もくじ
https://tera1707.com/entry/2022/02/06/144447
やりたいこと
あるとき、ジェネリクスで、
T
型の戻り値をもつメソッドを引数にとって、- 引数で受けたメソッドを実行する。
- 実行したときに例外なく実行出来たら、そのまま引数で受けたメソッドが返した値を返す
- もし例外が起きたら、nullを返す
というメソッドを作ろうとした。
具体的には、下記のコードの中のMyMethod1()
がそれ。
namespace ConsoleApp2 { internal class Program { enum MyEnum { Value1, Value2, Value3, } static void Main(string[] args) { MyEnum enm = MyEnum.Value1; var a = MyMethod1(() => { return enm; }); } private static T? MyMethod1<T>(Func<T> action) { try { return action.Invoke(); } catch (Exception ex) { return null;// ←★ここでエラーが出た } } } }
そうすると、下記のようなエラーが出た。
エラーの中では、'default(T)'を使うように言っているが、
上の例で'MyMethod1()'が呼ばれた場合だと、Tは'MyEnum'になるので、'default(T)'は、MyEnum.Value1
になって、nullにはなってくれない。
どうにかしてnullを返す方法はあるか?調べる。
解決方法
「型パラメーターの制約条件」を使う。
具体的には、'MyMethod1()'を下記のように変える。
private static T? MyMethod1<T>(Func<T> action) where T : struct // ←★コレを付ける! { try { return action.Invoke(); } catch (Exception ex) { return null; } }
'where T : struct'を付けると、'T'が値型であることになり、エラーが解消される。
なんでエラーが解消されるのか?
以下、私の理解。
値型を、上のMyMethod1()
に渡すという前提で、NGなパターン、OKなパターンについて考えてみた。
NGパターン①:戻り値をT
にして(戻り値に?
はナシ)、制約をつけていない場合
private static T MyMethod1<T>(Func<T> action)
というパターンについて、
制約(where)を付けていないと、MyMethod1<T>()
を使う側で、Tには
- null許容の値型
- null非許容の値型
のどちらも入れることができる。 →参照
null許容の値型がTに入ってきた場合は、nullを返せるのでreturn null
はおかしくないが、
null非許容の場合は、Tにはnullを入れられないので、上に挙げたエラーになる。
NGパターン②:戻り値をT?
にして、制約をつけていない場合
private static T? MyMethod1<T>(Func<T> action)

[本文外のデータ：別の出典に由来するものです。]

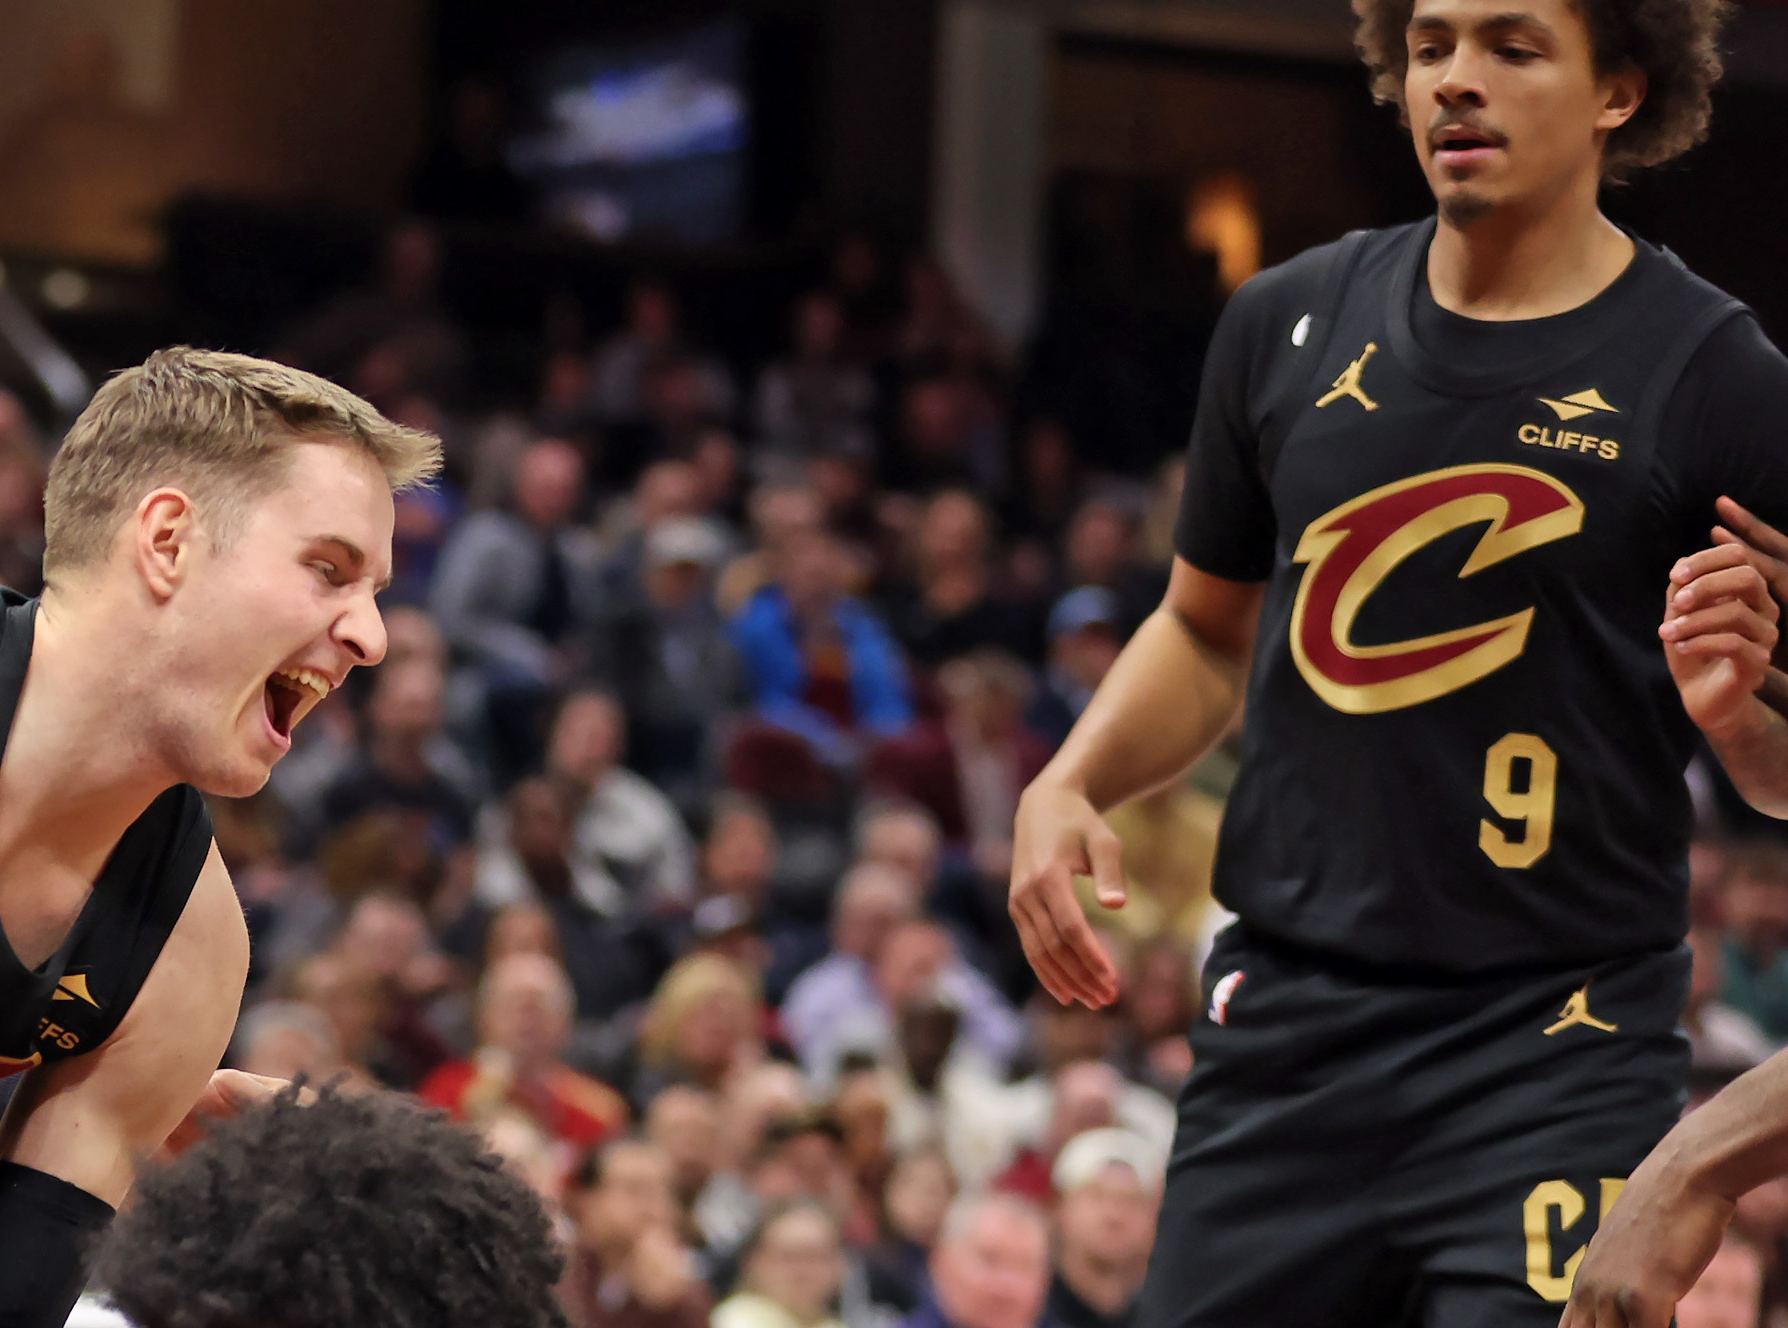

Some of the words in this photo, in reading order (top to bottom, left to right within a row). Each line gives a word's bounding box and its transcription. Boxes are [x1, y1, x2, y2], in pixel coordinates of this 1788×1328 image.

というパターンについても、パターン①と同じエラーが出る。(Null非許容の値型である可能性があるため・・・)
これが、ずっとなんでエラーになるのかがわからなかったのだが、こちらのページの、
https://ufcpp.net/study/csharp/sp2_nullable.html
「null許容型にできるのは、null許容型を除く値型のみ」「"多重にnull許容"はできない」というのを見て、なるほどと思った。
つまり、T
にnull許容の値型(例えばint?
とか)を入れてしまうと、T?
はint??
的な扱い(そんなことは書けないが)になるが、それはC#では不可なので、エラーになる。
と、理解した。(あってるかな...)
OKパターン:戻り値をT?
にして、struct(値型)制約をつける場合
「解決方法」のところに書いたやつ。これで、思ったように動く。
private static T? MyMethod1<T>(Func<T> action) where T : struct
T
にstruct制約を付けると、T
は確定で「null非許容の値型」になる。
なので、NGパターン②で挙げたような多重null許容になることはなく、「null許容の値型」を返すことができる。と理解。
これで、今回やりたいことはできた。
思ったこと
「null許容」というものができた経緯は、いろいろ歴史があったようで、そのためか理解するのも個人的に結構難しい。まだ理解しきれてない感じがする。
少しずつ勉強しようと思う。
「型パラメータ制約」のまとめ
下記のMS公式に、制約の種類と意味が載っている。
where T : struct
は、「構造体」縛りではなくて「値型」で、
where T : class
は、「クラス」縛りではなくて「参照型」の様子。
うまく使えば、ジェネリクスで作ったメソッドなどの使用範囲を適切に絞って、変な使い方されてバグる、みたいなのを減らせそう。
参考
C#8.0世代の総称型制約 ジェネリクスとnull許容性の関係
https://qiita.com/muniel/items/daa819c64ca66f152a39
MS公式 型パラメーターの制約 (C# プログラミング ガイド)
値型と参照型
https://ufcpp.net/study/csharp/oo_reference.html
C# でジェネリック メソッドから NULL を返すにはどうすればよいですか?